A partir do relato da filha, ele fica intrigado com a sua pacificidade diante de tal situação. Além da rotina familiar, o seu cotidiano consiste em ensinar jovens dispersos na universidade e lamentar não seguir um projeto de pesquisa “sequestrado” por uma colega da academia. Um inexplicável fenômeno, entretanto, transforma sua pacata vida em um objeto de atenção midiática e altamente frutífero para a indústria da publicidade e o seu ego.

De um dia para o outro, milhares de pessoas começam a sonhar com ele, sempre passivo diante de enormes ocorrências, ataques mortíferos, terremotos, perseguições,etc. A criatividade do inconsciente humano leva Paul Matthews para as circunstâncias mais absurdas da mente de cada pessoa. Em poucas semanas, ele tornou-se uma estrela da internet. As pessoas querem tirar fotos com o “homem dos sonhos”, os alunos se multiplicam em suas aulas, as suas filhas sentem-se orgulhosas e até a esposa consegue uma promoção no trabalho. 

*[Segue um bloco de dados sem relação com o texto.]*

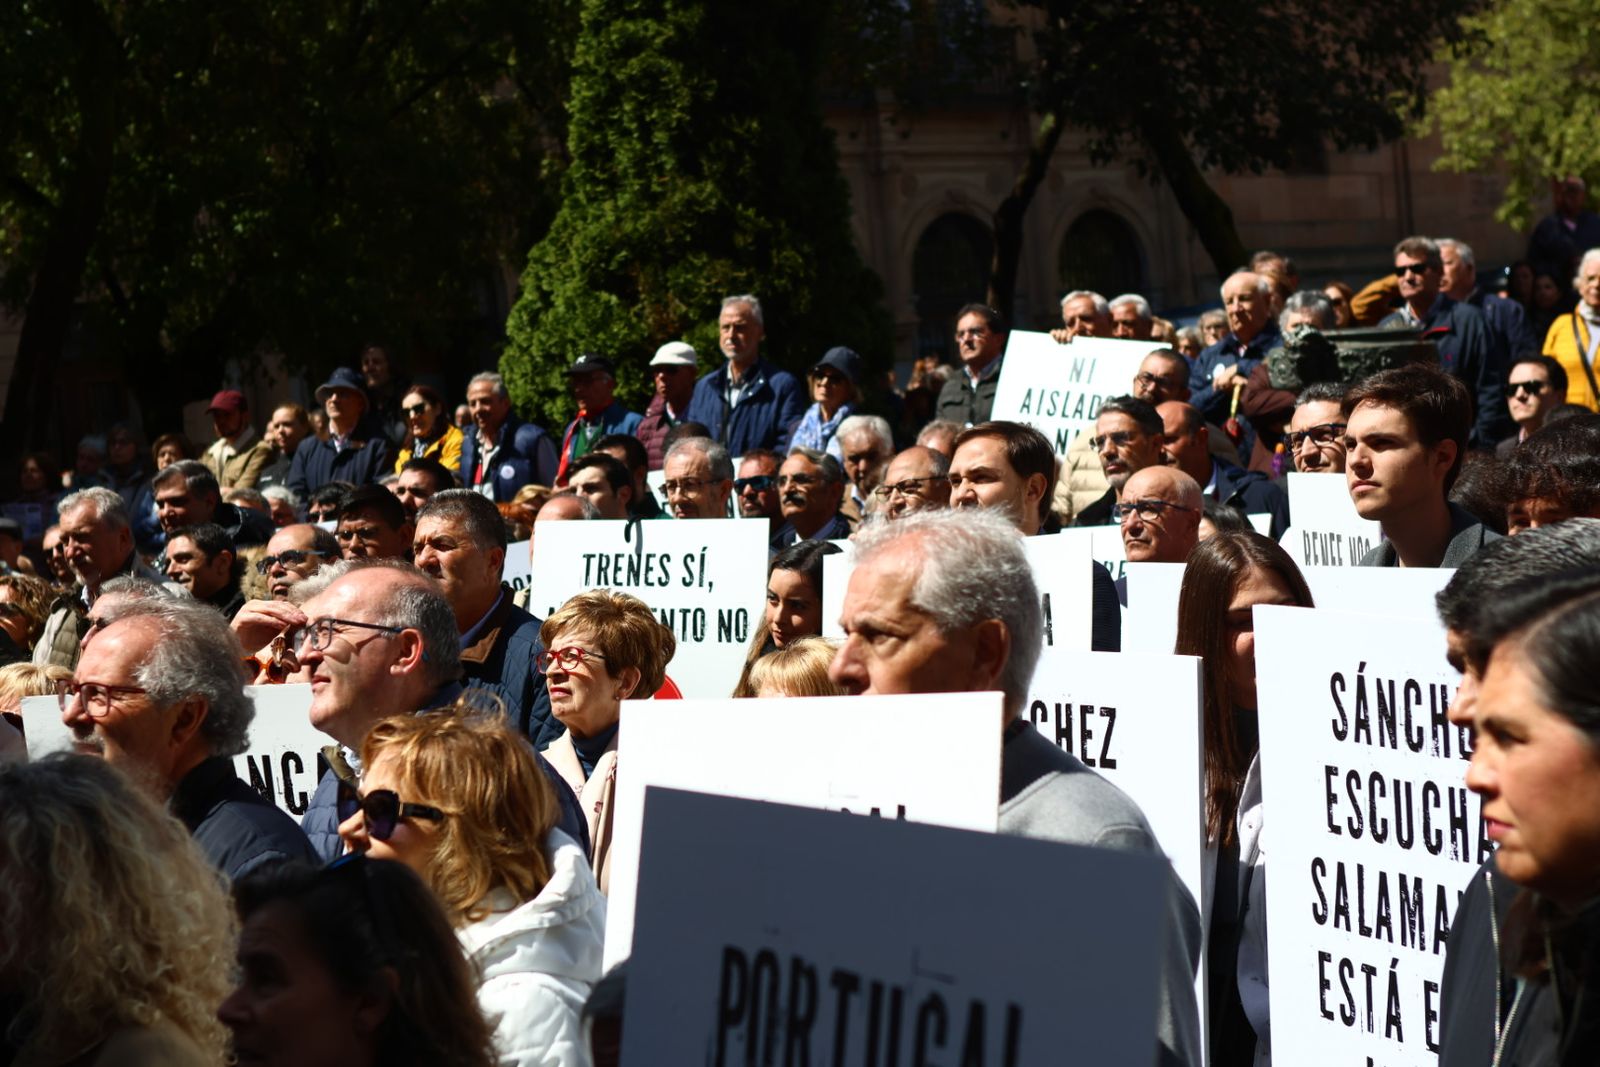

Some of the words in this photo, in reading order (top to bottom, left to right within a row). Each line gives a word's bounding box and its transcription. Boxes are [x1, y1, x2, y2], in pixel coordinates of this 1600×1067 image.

[1069, 357, 1096, 384] NI
[1020, 388, 1114, 421] AISLAD
[582, 552, 671, 588] TRENES
[682, 547, 714, 593] SÍ,
[718, 608, 748, 643] NO
[1311, 857, 1464, 955] SALAMA
[1318, 950, 1404, 1043] ESTÁ
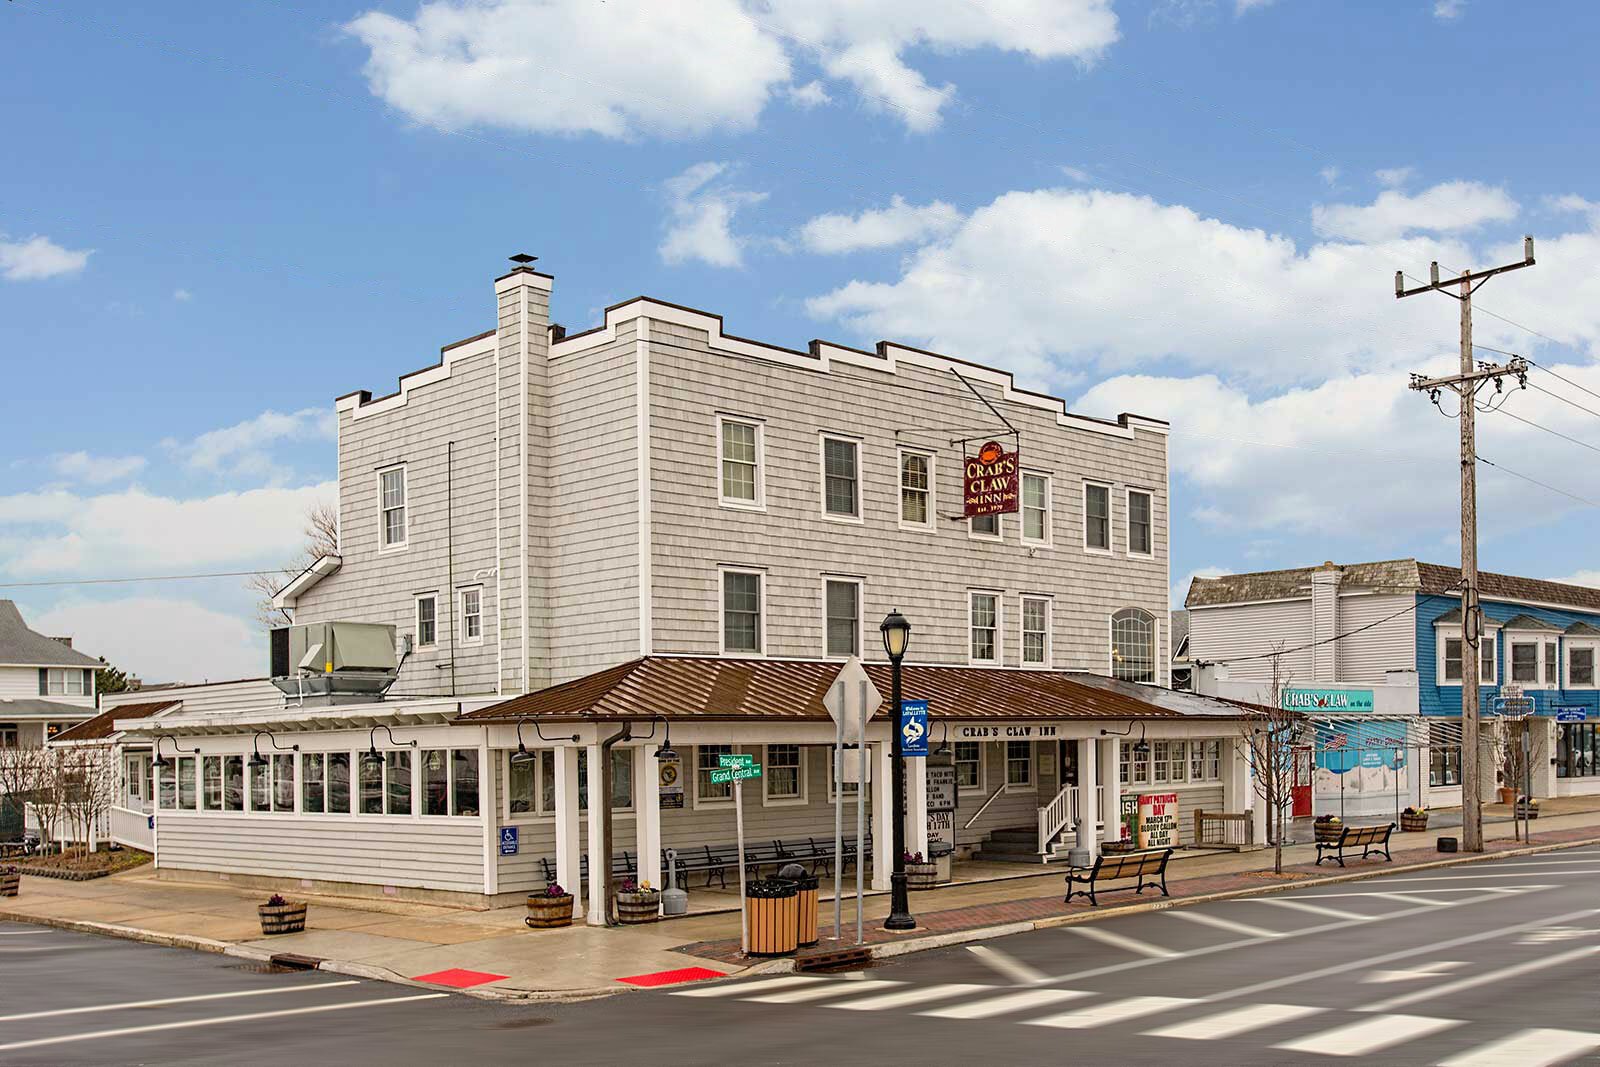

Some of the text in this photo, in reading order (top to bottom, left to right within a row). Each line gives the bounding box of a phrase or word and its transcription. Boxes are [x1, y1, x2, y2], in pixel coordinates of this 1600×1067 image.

[966, 458, 1014, 478] CRAB'S
[970, 476, 1011, 493] CLAW
[980, 492, 1002, 504] INN
[1285, 692, 1319, 707] CRAB'S
[1323, 693, 1348, 707] CLAW
[962, 726, 1056, 737] CRAB'S CLAW INN
[720, 757, 745, 767] President
[712, 770, 731, 783] Grand
[731, 767, 753, 780] Central
[1152, 804, 1165, 816] DAY
[936, 812, 950, 822] DAY
[1146, 816, 1164, 824] MARCH
[934, 820, 950, 830] 17TH
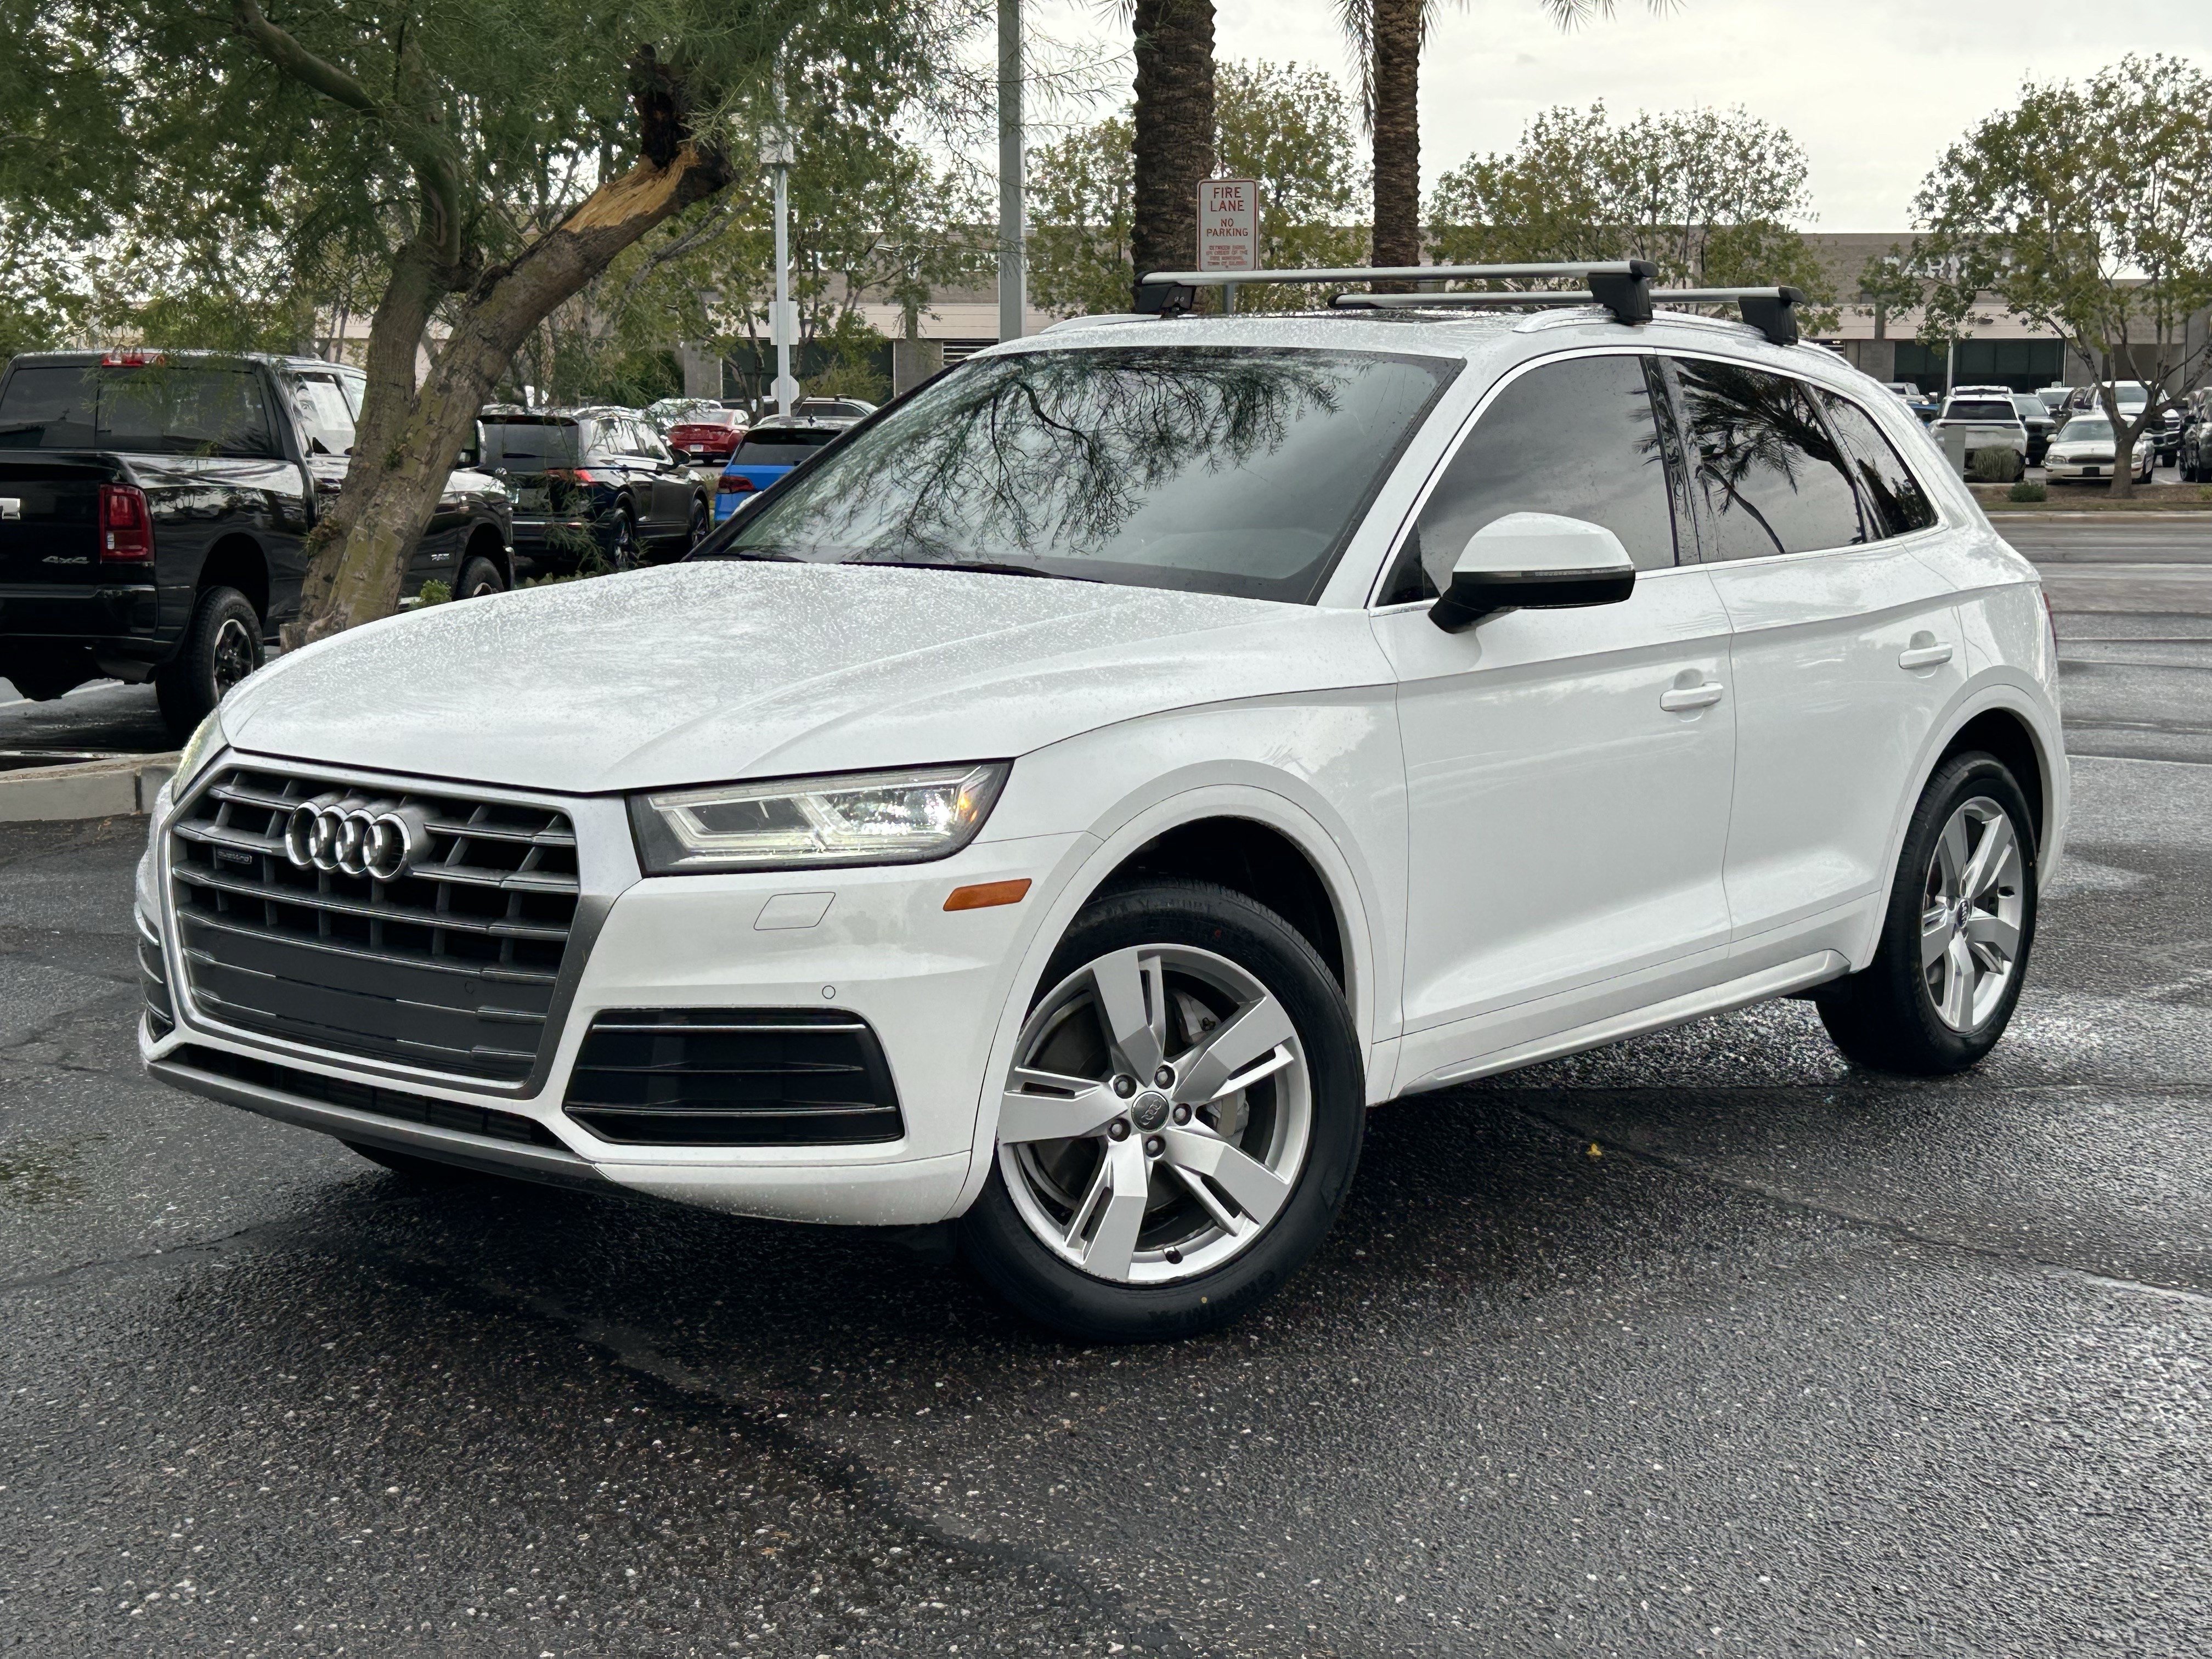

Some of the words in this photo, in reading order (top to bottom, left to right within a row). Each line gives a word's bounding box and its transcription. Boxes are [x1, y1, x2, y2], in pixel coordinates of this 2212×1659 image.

[1214, 187, 1242, 199] FIRE
[1210, 200, 1245, 212] LANE
[1220, 218, 1234, 227] NO
[1206, 228, 1249, 237] PARKING

Com toda esta atenção, Paul deseja realizar o seu próprio sonho: publicar um livro dedicado à sua pesquisa científica. Dentro dessa mistura de assustadora realidade e controversa fantasia, o acadêmico é agenciado por uma empresa — encabeçada por Trent (Michael Cera)  —  interessada em torná-lo garoto propaganda de marcas para entrar no sonho das pessoas, como a inserção de uma ideia em A Origem, de Christopher Nolan

No fim das contas, na era das redes sociais, a questão é como monetizar em cima de algo que prende a atenção das pessoas. Como no inicial passe de mágica, os sonhos tornam-se literalmente pesadelos. Assim Paul Matthews passa da pessoa mais amada do mundo para a mais odiada em questão de dias. 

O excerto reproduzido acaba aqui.